Redacción T Magazine México

Diseño: Belén Pardo 

Love Actually – Realmente Amor (2003)

Un mosaico de historias cruzadas en un Londres invernal que ya es parte del imaginario colectivo de la Navidad. Romance, pérdidas, reencuentros y gestos mínimos que recuerdan que el amor —en todas sus formas— rara vez es perfecto, pero casi siempre insiste. Funciona como un ritual anual: predecible, sí, pero profundamente reconfortante.

The Holiday – El Descanso (2006)

Intercambio de casas, chimeneas encendidas y la fantasía de empezar de nuevo en otro lugar. Esta película entiende el confort como narrativa: paisajes nevados, cocinas acogedoras y la promesa de que el amor puede aparecer cuando el cuerpo baja la guardia. Ideal para ver con manta, copa en mano y pocas expectativas.

Little Women – Mujercitas (2019)

Greta Gerwig convierte la Navidad en un estado emocional más que en una fecha. La calidez del hogar, la intimidad entre hermanas y la nostalgia de lo que fue —y lo que no será— atraviesan la película con una sensibilidad contemporánea. No es una película “navideña” convencional, pero pocas retratan mejor el espíritu del reencuentro.

Home Alone – Mi pobre Angelito (1990)

Un clásico absoluto que sigue funcionando por una razón simple: la infancia como territorio de ingenio y resistencia. Más allá de las trampas y el humor físico, hay algo profundamente navideño en la idea de aprender a estar solo y, al mismo tiempo, reconocer el valor del hogar y la familia.

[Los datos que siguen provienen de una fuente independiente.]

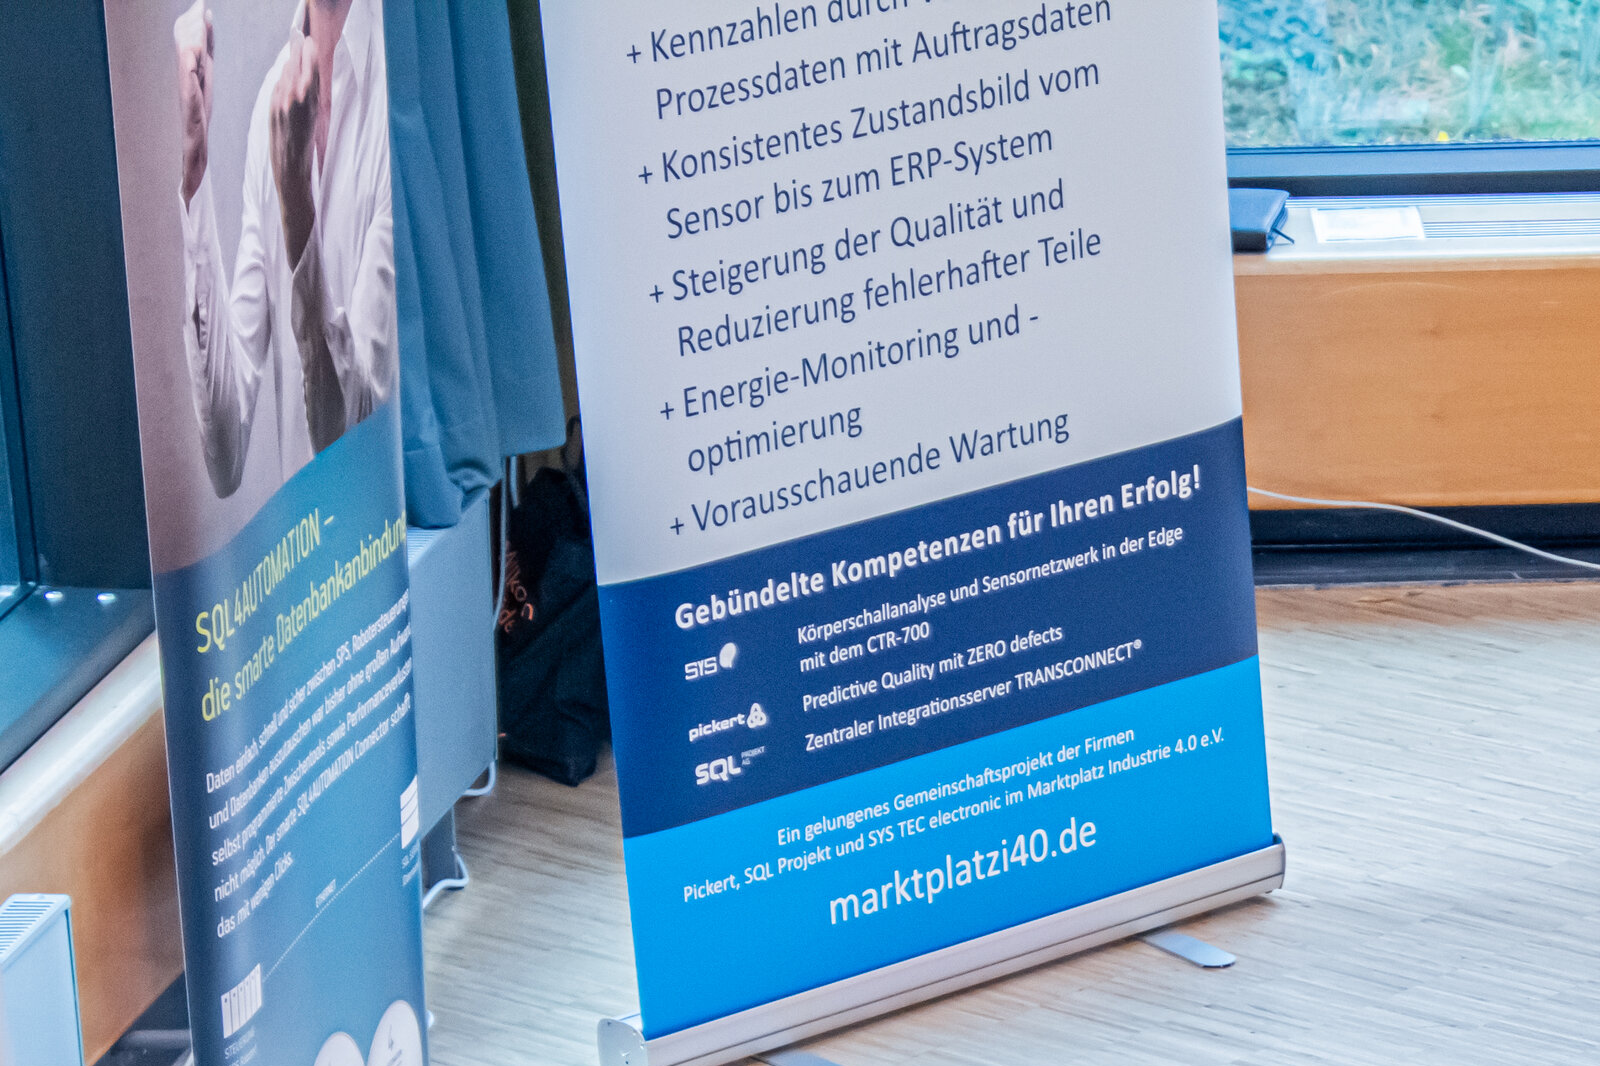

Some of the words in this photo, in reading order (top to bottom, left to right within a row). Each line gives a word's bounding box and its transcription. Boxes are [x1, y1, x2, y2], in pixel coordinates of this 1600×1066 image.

The Family Stone – La joya de la familia (2005)

Navidad sin edulcorantes. Familias reales, tensiones incómodas, duelos no resueltos y un humor que no evade el conflicto. Esta película entiende que las reuniones decembrinas no siempre son armoniosas, pero sí reveladoras. Una de las miradas más honestas sobre lo que significa volver a casa.

Last Christmas – La Navidad Pasada (2019)

Romance ligero con fondo melancólico y música pop que acompaña sin imponerse. Londres vuelve a ser escenario, pero aquí la Navidad funciona como telón para hablar de segundas oportunidades, duelo y la necesidad de mirar al otro con más empatía. Ideal para cerrar la noche.